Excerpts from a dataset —

■ ■ ■

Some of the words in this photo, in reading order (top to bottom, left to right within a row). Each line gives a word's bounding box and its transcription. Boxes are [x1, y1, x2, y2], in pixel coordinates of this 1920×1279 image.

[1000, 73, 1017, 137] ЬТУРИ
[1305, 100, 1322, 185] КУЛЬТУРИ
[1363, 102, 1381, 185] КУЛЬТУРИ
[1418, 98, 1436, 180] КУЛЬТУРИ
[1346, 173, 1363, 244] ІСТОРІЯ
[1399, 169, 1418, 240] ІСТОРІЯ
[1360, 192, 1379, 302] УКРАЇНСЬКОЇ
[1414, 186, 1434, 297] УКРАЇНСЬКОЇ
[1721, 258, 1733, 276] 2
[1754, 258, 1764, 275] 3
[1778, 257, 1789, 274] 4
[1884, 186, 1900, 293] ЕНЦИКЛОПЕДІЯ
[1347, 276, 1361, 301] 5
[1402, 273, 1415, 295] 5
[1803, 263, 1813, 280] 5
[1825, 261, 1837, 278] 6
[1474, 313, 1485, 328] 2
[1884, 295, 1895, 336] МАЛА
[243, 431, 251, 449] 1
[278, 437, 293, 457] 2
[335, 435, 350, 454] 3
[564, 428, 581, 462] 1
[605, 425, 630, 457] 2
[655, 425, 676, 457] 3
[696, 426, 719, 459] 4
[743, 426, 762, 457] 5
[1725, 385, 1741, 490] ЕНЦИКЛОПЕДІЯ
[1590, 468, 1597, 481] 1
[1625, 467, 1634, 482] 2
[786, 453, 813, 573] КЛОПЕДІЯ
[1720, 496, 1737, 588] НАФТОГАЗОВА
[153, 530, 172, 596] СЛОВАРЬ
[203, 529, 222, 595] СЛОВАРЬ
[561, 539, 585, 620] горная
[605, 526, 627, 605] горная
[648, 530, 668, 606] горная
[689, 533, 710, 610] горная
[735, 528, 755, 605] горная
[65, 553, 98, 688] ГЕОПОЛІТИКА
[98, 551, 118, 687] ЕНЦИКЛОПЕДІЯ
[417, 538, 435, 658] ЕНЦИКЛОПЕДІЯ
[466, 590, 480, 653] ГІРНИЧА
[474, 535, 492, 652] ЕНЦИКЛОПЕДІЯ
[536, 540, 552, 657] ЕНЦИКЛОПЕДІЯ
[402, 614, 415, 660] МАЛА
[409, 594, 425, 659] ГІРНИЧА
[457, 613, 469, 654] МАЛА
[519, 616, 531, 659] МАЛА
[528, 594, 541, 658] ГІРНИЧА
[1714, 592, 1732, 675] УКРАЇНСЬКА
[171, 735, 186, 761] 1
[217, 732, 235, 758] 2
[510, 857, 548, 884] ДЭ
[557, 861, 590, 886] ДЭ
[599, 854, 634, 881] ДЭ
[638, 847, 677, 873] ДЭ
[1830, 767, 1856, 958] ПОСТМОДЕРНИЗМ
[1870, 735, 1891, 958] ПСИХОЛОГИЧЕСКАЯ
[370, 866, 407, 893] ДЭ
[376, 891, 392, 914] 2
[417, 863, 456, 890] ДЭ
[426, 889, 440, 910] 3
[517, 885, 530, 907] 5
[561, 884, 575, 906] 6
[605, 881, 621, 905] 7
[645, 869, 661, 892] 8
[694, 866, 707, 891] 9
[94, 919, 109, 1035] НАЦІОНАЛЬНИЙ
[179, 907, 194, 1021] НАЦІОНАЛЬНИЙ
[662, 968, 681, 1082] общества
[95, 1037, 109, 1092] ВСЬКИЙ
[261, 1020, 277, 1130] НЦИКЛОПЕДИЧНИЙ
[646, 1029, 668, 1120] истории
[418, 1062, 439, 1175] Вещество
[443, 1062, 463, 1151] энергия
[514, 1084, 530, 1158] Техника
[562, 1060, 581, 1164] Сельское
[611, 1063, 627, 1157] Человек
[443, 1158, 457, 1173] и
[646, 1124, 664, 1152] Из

■ ■ ■

Only the data above, repeated exactly, should make up the reply.

Some of the words in this photo, in reading order (top to bottom, left to right within a row). Each line gives a word's bounding box and its transcription. Boxes are [x1, y1, x2, y2], in pixel coordinates of this 1920×1279 image.

[1000, 73, 1017, 137] ЬТУРИ
[1305, 100, 1322, 185] КУЛЬТУРИ
[1363, 102, 1381, 185] КУЛЬТУРИ
[1418, 98, 1436, 180] КУЛЬТУРИ
[1346, 173, 1363, 244] ІСТОРІЯ
[1399, 169, 1418, 240] ІСТОРІЯ
[1360, 192, 1379, 302] УКРАЇНСЬКОЇ
[1414, 186, 1434, 297] УКРАЇНСЬКОЇ
[1721, 258, 1733, 276] 2
[1754, 258, 1764, 275] 3
[1778, 257, 1789, 274] 4
[1884, 186, 1900, 293] ЕНЦИКЛОПЕДІЯ
[1347, 276, 1361, 301] 5
[1402, 273, 1415, 295] 5
[1803, 263, 1813, 280] 5
[1825, 261, 1837, 278] 6
[1474, 313, 1485, 328] 2
[1884, 295, 1895, 336] МАЛА
[243, 431, 251, 449] 1
[278, 437, 293, 457] 2
[335, 435, 350, 454] 3
[564, 428, 581, 462] 1
[605, 425, 630, 457] 2
[655, 425, 676, 457] 3
[696, 426, 719, 459] 4
[743, 426, 762, 457] 5
[1725, 385, 1741, 490] ЕНЦИКЛОПЕДІЯ
[1590, 468, 1597, 481] 1
[1625, 467, 1634, 482] 2
[786, 453, 813, 573] КЛОПЕДІЯ
[1720, 496, 1737, 588] НАФТОГАЗОВА
[153, 530, 172, 596] СЛОВАРЬ
[203, 529, 222, 595] СЛОВАРЬ
[561, 539, 585, 620] горная
[605, 526, 627, 605] горная
[648, 530, 668, 606] горная
[689, 533, 710, 610] горная
[735, 528, 755, 605] горная
[65, 553, 98, 688] ГЕОПОЛІТИКА
[98, 551, 118, 687] ЕНЦИКЛОПЕДІЯ
[417, 538, 435, 658] ЕНЦИКЛОПЕДІЯ
[466, 590, 480, 653] ГІРНИЧА
[474, 535, 492, 652] ЕНЦИКЛОПЕДІЯ
[536, 540, 552, 657] ЕНЦИКЛОПЕДІЯ
[402, 614, 415, 660] МАЛА
[409, 594, 425, 659] ГІРНИЧА
[457, 613, 469, 654] МАЛА
[519, 616, 531, 659] МАЛА
[528, 594, 541, 658] ГІРНИЧА
[1714, 592, 1732, 675] УКРАЇНСЬКА
[171, 735, 186, 761] 1
[217, 732, 235, 758] 2
[510, 857, 548, 884] ДЭ
[557, 861, 590, 886] ДЭ
[599, 854, 634, 881] ДЭ
[638, 847, 677, 873] ДЭ
[1830, 767, 1856, 958] ПОСТМОДЕРНИЗМ
[1870, 735, 1891, 958] ПСИХОЛОГИЧЕСКАЯ
[370, 866, 407, 893] ДЭ
[376, 891, 392, 914] 2
[417, 863, 456, 890] ДЭ
[426, 889, 440, 910] 3
[517, 885, 530, 907] 5
[561, 884, 575, 906] 6
[605, 881, 621, 905] 7
[645, 869, 661, 892] 8
[694, 866, 707, 891] 9
[94, 919, 109, 1035] НАЦІОНАЛЬНИЙ
[179, 907, 194, 1021] НАЦІОНАЛЬНИЙ
[662, 968, 681, 1082] общества
[95, 1037, 109, 1092] ВСЬКИЙ
[261, 1020, 277, 1130] НЦИКЛОПЕДИЧНИЙ
[646, 1029, 668, 1120] истории
[418, 1062, 439, 1175] Вещество
[443, 1062, 463, 1151] энергия
[514, 1084, 530, 1158] Техника
[562, 1060, 581, 1164] Сельское
[611, 1063, 627, 1157] Человек
[443, 1158, 457, 1173] и
[646, 1124, 664, 1152] Из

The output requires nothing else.